Lamezia Terme - Pubblichiamo la lettera aperta da aprte del sindaco Speranza e dell'assessore alla cultura Giusy Crimi al maestro Egidio Ventura dell'associazione Bequadro pèer quanto riguarda l'assenza di fondi da destinare alla rassegna Lamezia Jazz. Il Sindaco e l'Assessore, nel ribadire tagli a cui sono stati costretti invitano comunque il maestro Ventura ad un incontro per giorno 8 gennaio al fine di cercare una soluzione affinchè la rassegna non muoia definitivamente.
"Caro amico, come consta a tutti, anche il comune di Lamezia Terme, ha avuto negli ultimi anni, ripetuti tagli che naturalmente hanno inciso, prevalentemente, sulle risorse destinate alle attività culturali. Abbiamo dovuto operare scelte difficili ma che non vogliamo considerare definitive se è vero come è vero che abbiamo dovuto, tra le altre cose, rinunciare alla Stagione di Prosa per l’anno 2014, iniziativa di grande importanza e con un seguito di tutta considerazione, che vogliamo al più presto recuperare, non appena si realizzeranno le condizioni, perché la riteniamo una proposta fondamentale dell’offerta culturale della Città.
Anche il Lamezia Jazz, rientra tra quelle iniziative che l’Amministrazione ha voluto valorizzare nel corso degli anni, sia istituzionalizzando la rassegna, sia destinando concretamente, all’associazione Bequadro, dal 2005 al 2013, risorse per un ammontare complessivo di € 339.410,00, così distinti: € 215.600,00 attraverso fondi di bilancio comunale, ed € 123.810,00 attraverso fondi europei del Distretto Culturale dal 2011 al 2013. Purtroppo, tutte queste risorse non esistono più!
La realtà dei fatti è diversa dalla polemica che l'associazione ha fatto verso il Comune se solo si considerano due aspetti: le risorse destinate per tutte le iniziative natalizie, compresa la festa di Piazza del 31 dicembre che da sola assorbe circa la metà del budjet, ammontano ad € 40.000,00 circa; l’affidamento agli operatori culturali è avvenuto attraverso un avviso pubblico, e non attraverso affido diretto, vinto da soggetti, selezionati dall’ufficio, che hanno dovuto partecipare e che hanno dovuto confrontarsi con le proposte degli altri. Anche la sua associazione avrebbe potuto presentare la sua proposta.

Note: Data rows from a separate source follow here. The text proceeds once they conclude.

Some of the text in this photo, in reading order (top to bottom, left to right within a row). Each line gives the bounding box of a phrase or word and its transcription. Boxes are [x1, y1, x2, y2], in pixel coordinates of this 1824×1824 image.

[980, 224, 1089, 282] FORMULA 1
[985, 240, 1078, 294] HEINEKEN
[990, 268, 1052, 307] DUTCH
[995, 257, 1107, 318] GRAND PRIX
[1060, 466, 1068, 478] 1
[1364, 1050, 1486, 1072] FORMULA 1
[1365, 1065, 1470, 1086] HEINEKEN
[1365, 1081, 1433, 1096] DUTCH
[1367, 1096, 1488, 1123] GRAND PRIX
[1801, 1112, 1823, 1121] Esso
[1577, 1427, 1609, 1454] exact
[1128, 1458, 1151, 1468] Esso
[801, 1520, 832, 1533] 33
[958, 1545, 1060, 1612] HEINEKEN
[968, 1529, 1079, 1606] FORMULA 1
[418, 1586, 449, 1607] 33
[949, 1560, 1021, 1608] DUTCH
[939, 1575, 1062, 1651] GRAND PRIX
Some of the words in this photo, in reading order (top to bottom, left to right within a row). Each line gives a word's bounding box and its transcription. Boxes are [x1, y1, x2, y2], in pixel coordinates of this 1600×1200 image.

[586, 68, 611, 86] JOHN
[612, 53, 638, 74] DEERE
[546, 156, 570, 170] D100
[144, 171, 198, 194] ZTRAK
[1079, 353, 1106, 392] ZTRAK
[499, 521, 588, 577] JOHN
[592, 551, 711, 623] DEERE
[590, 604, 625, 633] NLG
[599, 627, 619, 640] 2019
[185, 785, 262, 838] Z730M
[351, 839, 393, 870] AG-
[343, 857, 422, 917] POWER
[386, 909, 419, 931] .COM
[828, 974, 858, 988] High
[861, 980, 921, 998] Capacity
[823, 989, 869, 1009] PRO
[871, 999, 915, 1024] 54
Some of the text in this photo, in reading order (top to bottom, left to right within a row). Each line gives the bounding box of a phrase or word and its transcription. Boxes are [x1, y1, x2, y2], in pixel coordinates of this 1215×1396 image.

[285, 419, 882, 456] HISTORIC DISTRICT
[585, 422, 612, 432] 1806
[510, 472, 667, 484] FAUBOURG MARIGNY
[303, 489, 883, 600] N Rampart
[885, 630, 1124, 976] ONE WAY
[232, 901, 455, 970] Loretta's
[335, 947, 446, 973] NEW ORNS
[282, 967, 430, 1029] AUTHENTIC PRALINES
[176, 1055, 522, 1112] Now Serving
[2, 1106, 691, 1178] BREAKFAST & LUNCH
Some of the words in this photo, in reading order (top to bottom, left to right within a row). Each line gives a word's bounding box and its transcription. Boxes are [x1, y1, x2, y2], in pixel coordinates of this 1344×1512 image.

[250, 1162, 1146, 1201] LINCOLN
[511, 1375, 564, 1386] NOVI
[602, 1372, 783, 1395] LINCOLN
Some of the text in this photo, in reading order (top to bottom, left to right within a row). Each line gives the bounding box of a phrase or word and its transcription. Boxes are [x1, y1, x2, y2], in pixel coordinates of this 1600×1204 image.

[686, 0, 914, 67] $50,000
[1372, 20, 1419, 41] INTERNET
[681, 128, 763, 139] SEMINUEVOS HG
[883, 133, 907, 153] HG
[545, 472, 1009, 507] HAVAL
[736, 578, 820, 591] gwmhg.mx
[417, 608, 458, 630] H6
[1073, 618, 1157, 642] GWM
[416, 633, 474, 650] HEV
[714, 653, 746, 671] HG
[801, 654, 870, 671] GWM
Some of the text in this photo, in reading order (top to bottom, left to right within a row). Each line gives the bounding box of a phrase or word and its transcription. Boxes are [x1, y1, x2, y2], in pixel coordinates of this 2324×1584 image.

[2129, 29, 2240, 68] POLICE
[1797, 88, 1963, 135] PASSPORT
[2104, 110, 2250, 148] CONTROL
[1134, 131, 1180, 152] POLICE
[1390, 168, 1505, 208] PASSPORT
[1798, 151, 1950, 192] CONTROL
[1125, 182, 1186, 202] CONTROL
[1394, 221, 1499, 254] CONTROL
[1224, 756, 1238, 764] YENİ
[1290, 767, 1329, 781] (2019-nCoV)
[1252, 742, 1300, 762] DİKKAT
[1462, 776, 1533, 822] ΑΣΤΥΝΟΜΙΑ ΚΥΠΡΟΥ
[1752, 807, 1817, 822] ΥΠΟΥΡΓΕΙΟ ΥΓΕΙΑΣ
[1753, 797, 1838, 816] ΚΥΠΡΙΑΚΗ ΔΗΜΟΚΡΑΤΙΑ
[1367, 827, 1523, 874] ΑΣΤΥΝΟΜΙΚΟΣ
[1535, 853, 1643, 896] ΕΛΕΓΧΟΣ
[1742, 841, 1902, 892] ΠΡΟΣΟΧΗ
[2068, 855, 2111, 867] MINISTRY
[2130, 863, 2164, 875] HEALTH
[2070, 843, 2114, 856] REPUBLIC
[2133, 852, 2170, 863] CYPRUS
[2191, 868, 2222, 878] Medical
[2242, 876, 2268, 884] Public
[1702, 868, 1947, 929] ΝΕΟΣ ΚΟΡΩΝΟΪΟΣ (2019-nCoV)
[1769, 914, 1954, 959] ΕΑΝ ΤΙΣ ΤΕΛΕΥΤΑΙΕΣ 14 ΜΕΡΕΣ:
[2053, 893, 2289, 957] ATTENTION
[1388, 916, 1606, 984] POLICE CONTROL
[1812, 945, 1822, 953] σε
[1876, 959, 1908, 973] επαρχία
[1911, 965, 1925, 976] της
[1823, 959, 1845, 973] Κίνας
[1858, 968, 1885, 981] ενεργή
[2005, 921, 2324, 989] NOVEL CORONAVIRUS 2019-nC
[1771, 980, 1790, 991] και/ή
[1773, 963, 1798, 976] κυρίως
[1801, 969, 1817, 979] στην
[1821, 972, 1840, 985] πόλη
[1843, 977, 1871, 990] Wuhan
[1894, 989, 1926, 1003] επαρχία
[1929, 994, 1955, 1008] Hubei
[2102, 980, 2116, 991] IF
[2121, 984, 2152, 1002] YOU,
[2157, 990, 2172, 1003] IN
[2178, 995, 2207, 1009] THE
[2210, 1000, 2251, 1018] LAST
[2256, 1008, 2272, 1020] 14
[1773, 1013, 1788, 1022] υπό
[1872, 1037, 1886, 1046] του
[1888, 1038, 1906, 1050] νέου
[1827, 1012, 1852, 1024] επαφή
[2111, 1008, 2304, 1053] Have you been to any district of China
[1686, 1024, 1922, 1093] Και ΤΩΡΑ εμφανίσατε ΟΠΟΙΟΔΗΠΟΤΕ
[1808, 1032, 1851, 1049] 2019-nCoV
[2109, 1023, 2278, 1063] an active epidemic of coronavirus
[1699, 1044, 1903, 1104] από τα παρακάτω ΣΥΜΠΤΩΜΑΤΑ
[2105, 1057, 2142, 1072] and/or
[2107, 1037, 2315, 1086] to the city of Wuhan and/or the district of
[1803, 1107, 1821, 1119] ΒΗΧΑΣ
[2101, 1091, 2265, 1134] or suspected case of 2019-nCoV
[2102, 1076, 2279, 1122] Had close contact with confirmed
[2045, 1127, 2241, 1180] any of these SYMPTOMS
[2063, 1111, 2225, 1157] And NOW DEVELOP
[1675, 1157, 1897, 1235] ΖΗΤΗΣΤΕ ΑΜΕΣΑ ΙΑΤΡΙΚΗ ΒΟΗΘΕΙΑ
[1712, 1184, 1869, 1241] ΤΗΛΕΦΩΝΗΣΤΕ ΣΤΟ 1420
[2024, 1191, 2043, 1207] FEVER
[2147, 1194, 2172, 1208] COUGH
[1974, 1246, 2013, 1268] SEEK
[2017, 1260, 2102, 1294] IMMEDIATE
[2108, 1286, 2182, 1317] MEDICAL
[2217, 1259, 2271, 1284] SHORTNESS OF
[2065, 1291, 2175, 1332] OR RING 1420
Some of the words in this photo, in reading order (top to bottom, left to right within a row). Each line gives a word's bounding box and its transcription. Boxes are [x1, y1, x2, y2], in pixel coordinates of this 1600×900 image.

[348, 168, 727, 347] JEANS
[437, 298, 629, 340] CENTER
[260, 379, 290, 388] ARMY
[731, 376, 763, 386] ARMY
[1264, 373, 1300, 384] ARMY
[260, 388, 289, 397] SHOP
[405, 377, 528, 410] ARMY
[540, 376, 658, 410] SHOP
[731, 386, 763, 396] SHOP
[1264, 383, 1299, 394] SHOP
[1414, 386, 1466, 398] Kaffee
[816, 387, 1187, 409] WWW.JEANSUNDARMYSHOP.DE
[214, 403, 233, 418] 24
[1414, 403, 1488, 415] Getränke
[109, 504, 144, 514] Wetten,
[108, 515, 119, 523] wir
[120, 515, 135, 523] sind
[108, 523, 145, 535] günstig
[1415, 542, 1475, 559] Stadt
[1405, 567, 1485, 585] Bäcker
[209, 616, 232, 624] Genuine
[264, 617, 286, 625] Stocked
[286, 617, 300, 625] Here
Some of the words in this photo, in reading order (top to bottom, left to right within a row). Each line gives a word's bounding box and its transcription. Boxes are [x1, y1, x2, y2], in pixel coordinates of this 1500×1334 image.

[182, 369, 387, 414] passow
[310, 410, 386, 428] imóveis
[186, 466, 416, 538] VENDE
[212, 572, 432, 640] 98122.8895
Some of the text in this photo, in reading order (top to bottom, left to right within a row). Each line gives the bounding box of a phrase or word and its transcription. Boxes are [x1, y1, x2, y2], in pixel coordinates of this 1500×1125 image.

Sulla rassegna in vernacolo proposta dall’associazione “I Vacantusi”, osserviamo che in questi anni ha registrato il tutto esaurito in ogni serata e questo è accaduto anche al Teatro Grandinetti dove i 700 posti disponibili, erano tutti esauriti. Infine, l’associazione di cui sopra, non ottiene un trasferimento di risorse da parte dell’Ente ma solo un contributo per far fronte alle spese di gestione delle strutture teatrali.
L’Amministrazione ha sempre riconosciuto il prestigio e la qualità del Lamezia Jazz, ma serve ribadire che, per realizzarla, occorrono ben altri fondi di cui, per tutto quanto detto, non si ha, al momento, la disponibilità. Ciò detto, a noi personalmente ed all’Amministrazione farebbe molto piacere poterci incontrare prima dell'incontro pubblico che è stato promosso, giovedì 8 gennaio alle 15:30, per valutare insieme le forme possibili per dare continuità a questa importante manifestazione, individuando in maniera costruttiva le iniziative da assumere anche nei confronti della Regione per ricercare, anche a valere sulle risorse dei nuovi Fondi Europei, le opportunità possibili perché anche nei prossimi anni Lamezia Jazz possa esistere e ragionando, se è possibile con le scarse risorse del Comune, per impostare un programma per il 2015".